A bit of experimenting showed that the table in which I was interested was at index 1. But as is often the case when you scrape data from a Web site, there was a lot of cleaning to do, in order to get it into usable shape. I ended up using two replace calls, indicating that I wanted to turn one thing into another:
- There were a number of footnotes in the data, all in the form of
[n], wherenwas an integer. I usedreplaceto remove all examples of[followed by one or more digits (\d+), followed by]. - Some countries had multiple measures for vacation days, expressed as
10-20or10/20. Some countries had different rules for different ages, for example. I just wanted the first number. I thus used a regular expression to ignore leading whitespace (^\s*), then grabbed\d+, meaning one or more digits, followed by one or more groups of\D.*, meaning a non-digit followed by one or more digits. I replaced all of that with the initial digits that I found.
Here's how that looks:
df = (
all_dfs[1]
.replace(r'\[\d+\]', '', regex=True)
.replace(r'^\s*(\d+)(\D.*)$', r'\1', regex=True)
)
To give the columns one-word names, I invoked set_axis, passing axis='columns', so that it wouldn't try to replace the data frame's index:
df = (
all_dfs[1]
.replace(r'\[\d+\]', '', regex=True)
.replace(r'^\s*(\d+)(\D.*)$', r'\1', regex=True)

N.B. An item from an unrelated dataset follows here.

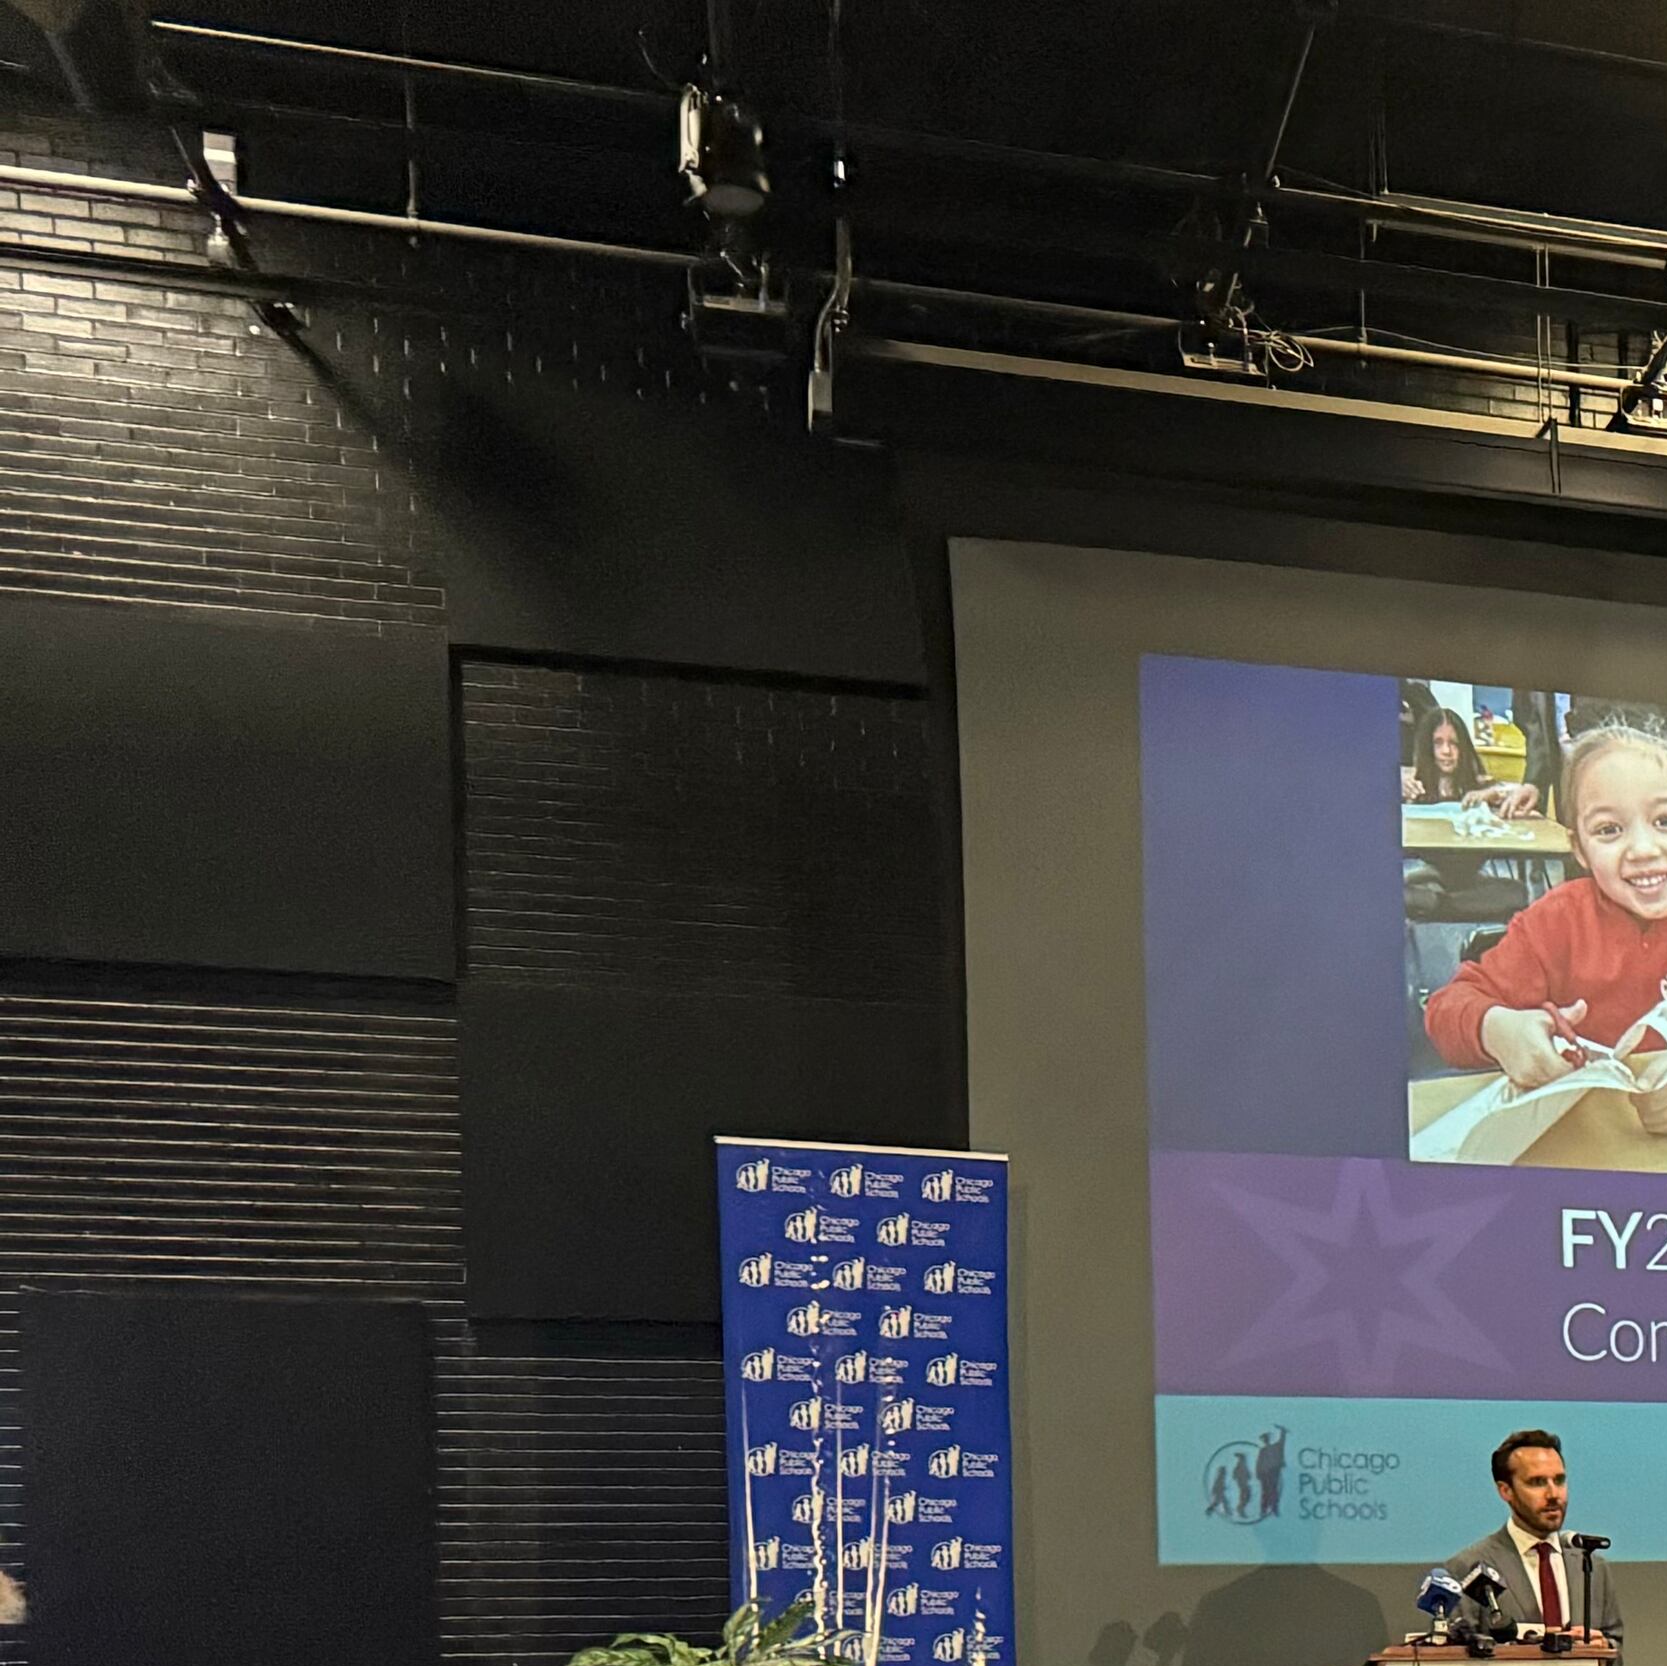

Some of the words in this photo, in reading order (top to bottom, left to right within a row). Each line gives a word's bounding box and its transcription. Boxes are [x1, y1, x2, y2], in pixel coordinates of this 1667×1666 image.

[1298, 1447, 1400, 1475] Chicago
[1299, 1473, 1369, 1496] Public
[1299, 1500, 1388, 1520] Schools

.set_axis(['country', 'vacation', 'holidays', 'total', 'notes'], axis='columns')
)
Having cleaned the data, I was then able to convert three columns to floats. I did this with a dict comprehension, which I passed to astype. And finally, I set the index to be country names:
df = (
all_dfs[1]
.replace(r'\[\d+\]', '', regex=True)
.replace(r'^\s*(\d+)(\D.*)$', r'\1', regex=True)

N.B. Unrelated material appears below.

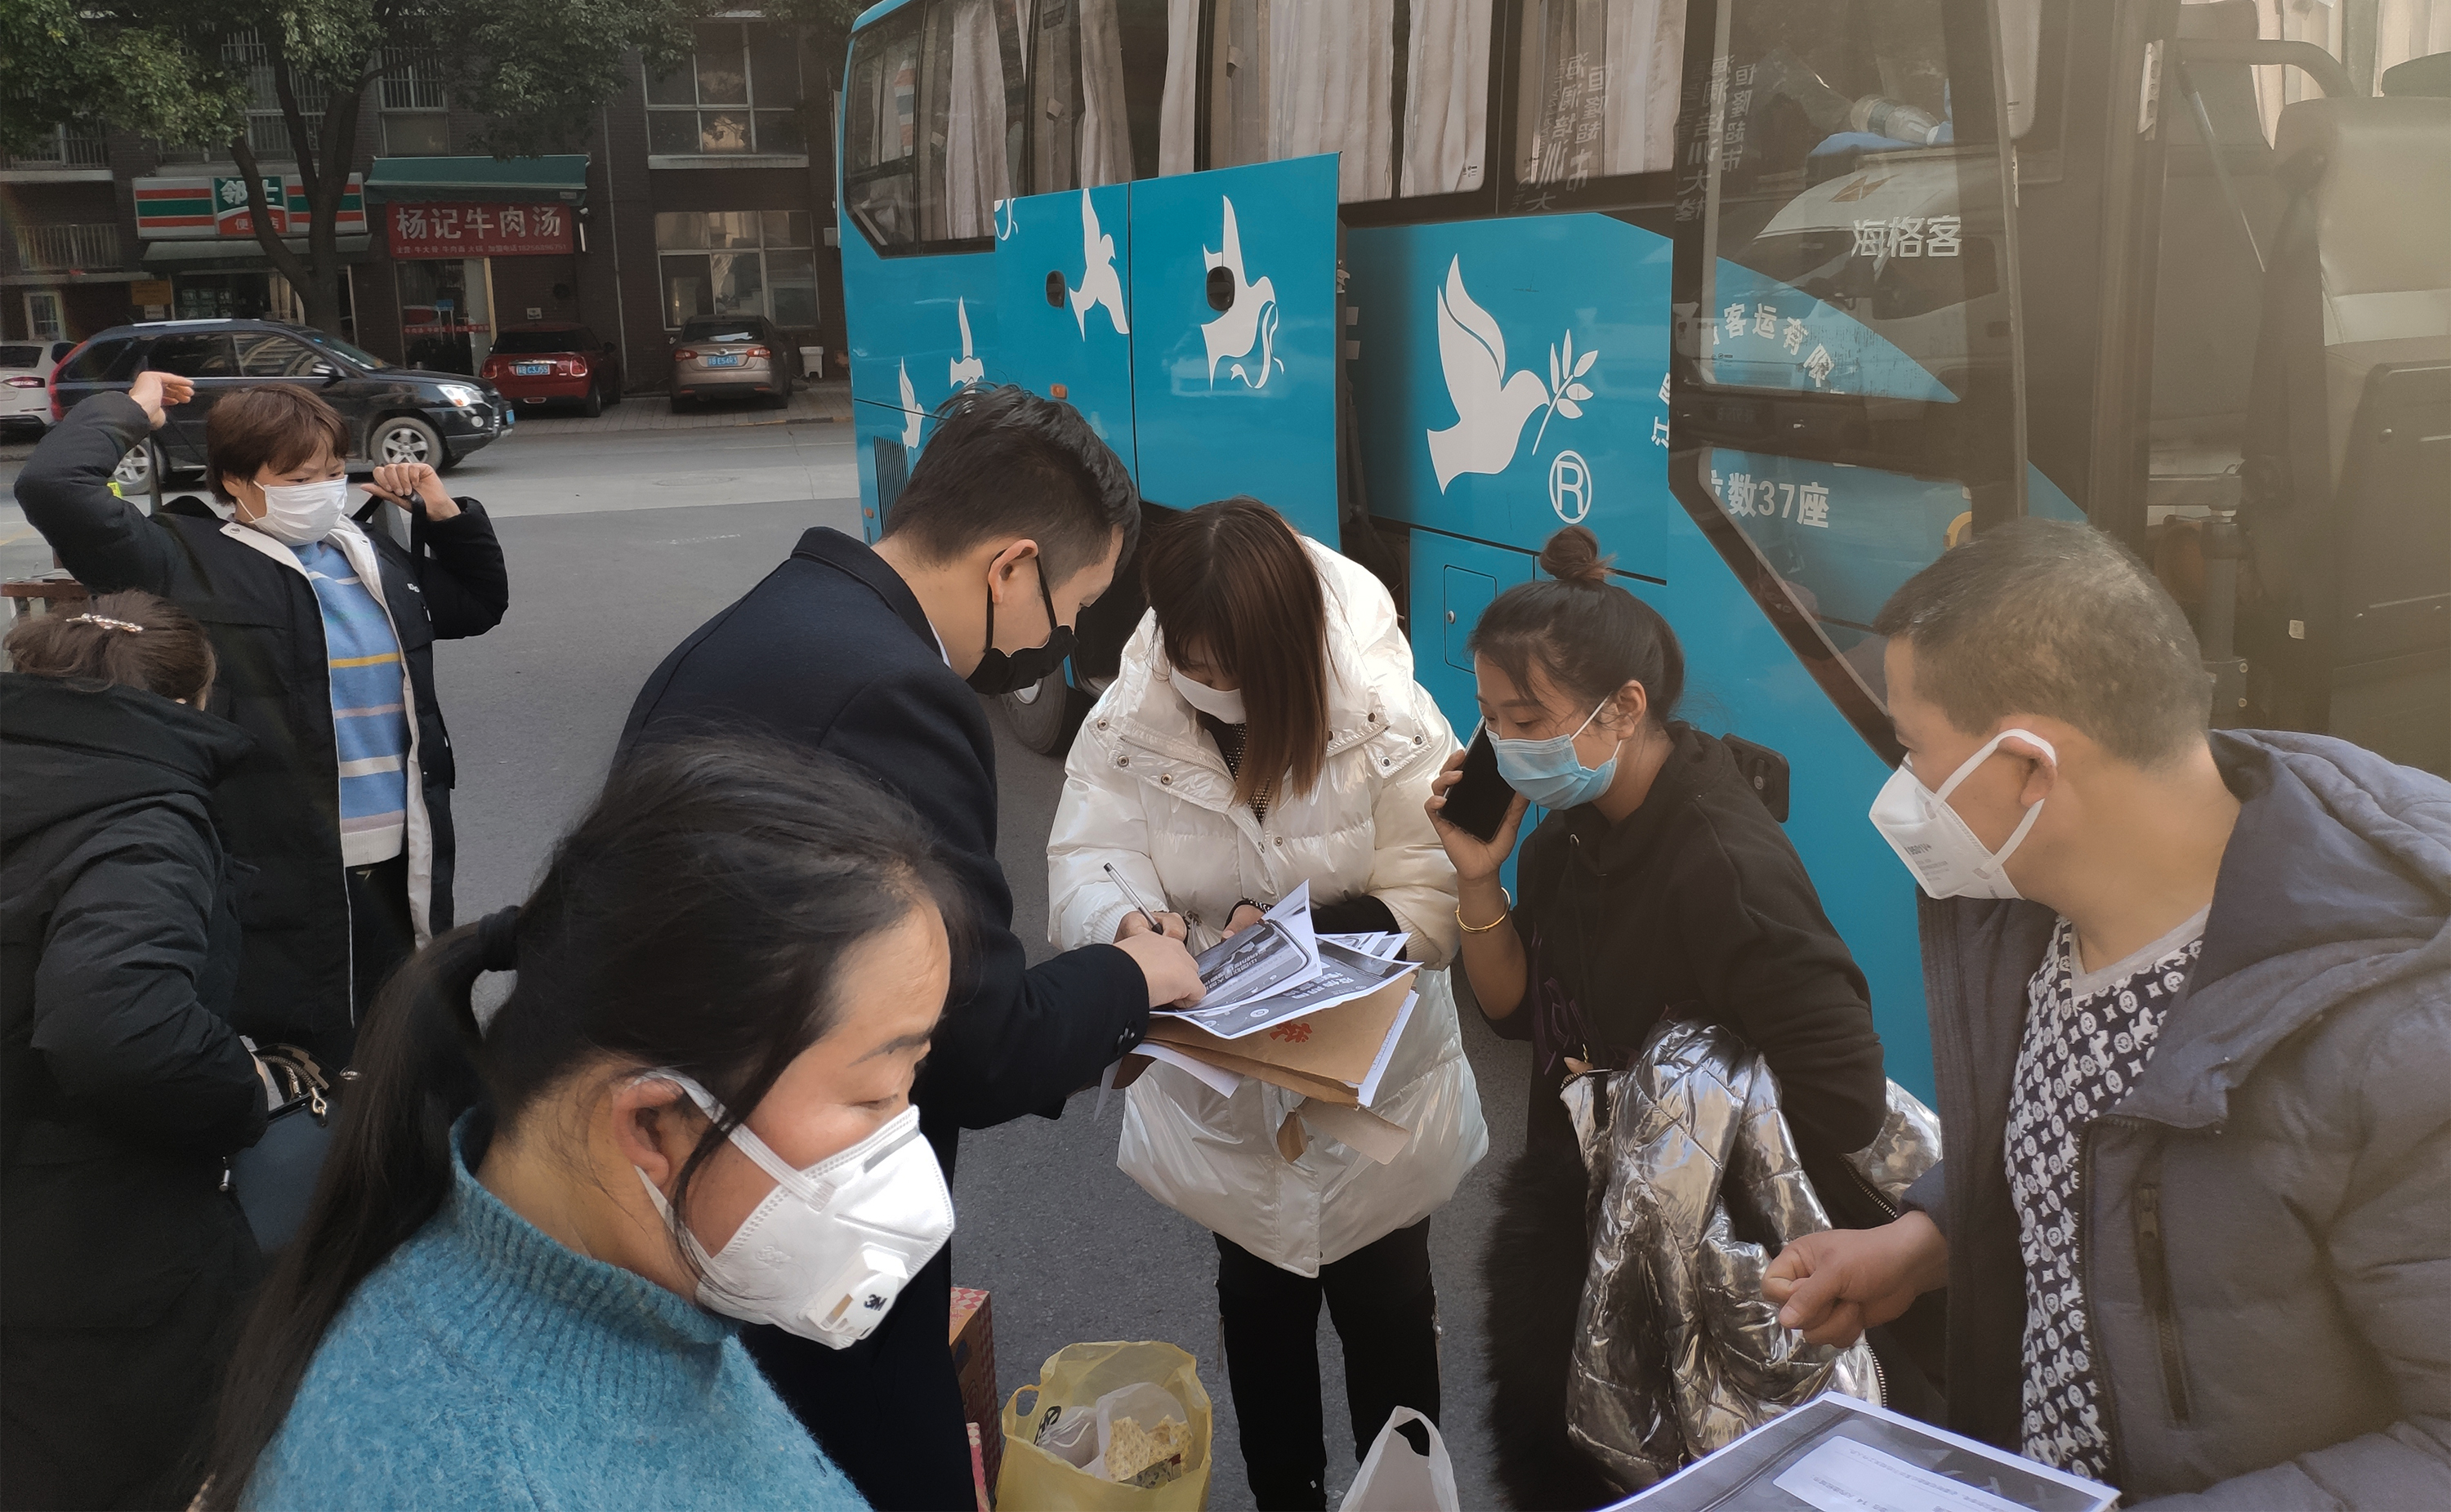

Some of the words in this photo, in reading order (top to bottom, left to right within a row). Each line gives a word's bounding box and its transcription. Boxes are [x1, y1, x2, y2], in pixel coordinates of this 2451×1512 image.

[234, 217, 279, 230] 便店
[395, 206, 561, 240] 杨记牛肉汤
[1851, 214, 1962, 258] 海格客
[864, 1294, 888, 1312] 3M

.set_axis(['country', 'vacation', 'holidays', 'total', 'notes'], axis='columns')
.astype({c: float for c in ['vacation', 'holidays', 'total']})
.set_index('country')
)
The resulting data frame has 193 rows and 4 columns.
To find the countries with the most mandated vacation days, I invoked nlargest, indicating that I wanted to get rows back from df based on the vacation column, taking the 5 top rows:
(
df
.nlargest(columns='vacation', n=5)
)The result: Andorra, Algeria, Bahrain, Burkina Faso, and Equatorial Guinea. Note that if more than 5 countries share a maximum number, we'll only get the first 5.

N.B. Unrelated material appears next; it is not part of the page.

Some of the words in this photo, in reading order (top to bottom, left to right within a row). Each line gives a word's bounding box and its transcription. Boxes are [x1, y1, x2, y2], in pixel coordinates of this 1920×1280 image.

What about holidays? Cambodia has the most, with 27 (!), followed by Iran, Lebanon, Sri Lanka, and Argentina.
What countries have 0 paid holidays? What countries have more paid holidays than vacation days?
Does any country really have 0 paid holidays? There's only one way to find out:
(
df
.loc[pd.col('vacation') == 0]
)Here, I'm using pd.col inside of .loc for a quick and easy filter on our data. And it turns out that there are four countries that mandate 0 paid holidays: Micronesia, Nauru, Palau, and the United States.
The data set discussed vacation days and holidays, and it occurred to me that perhaps there are countries with more holidays than vacation days. I created this query:
(
df
.loc[pd.col('holidays') > pd.col('vacation')]
)I quickly discovered that many countries have more paid holidays than vacation days – 32 of them, in fact.
In both of these queries, I used the combination of loc and pd.col, a powerful combination that is relatively new, given that pd.col is part of Pandas 3.0, which was released in January. If you have been using lambda along with loc , then you should strongly look into using pd.col instead. Queries using pd.col tend to be easier to write, read, and maintain than the earlier form using lambda.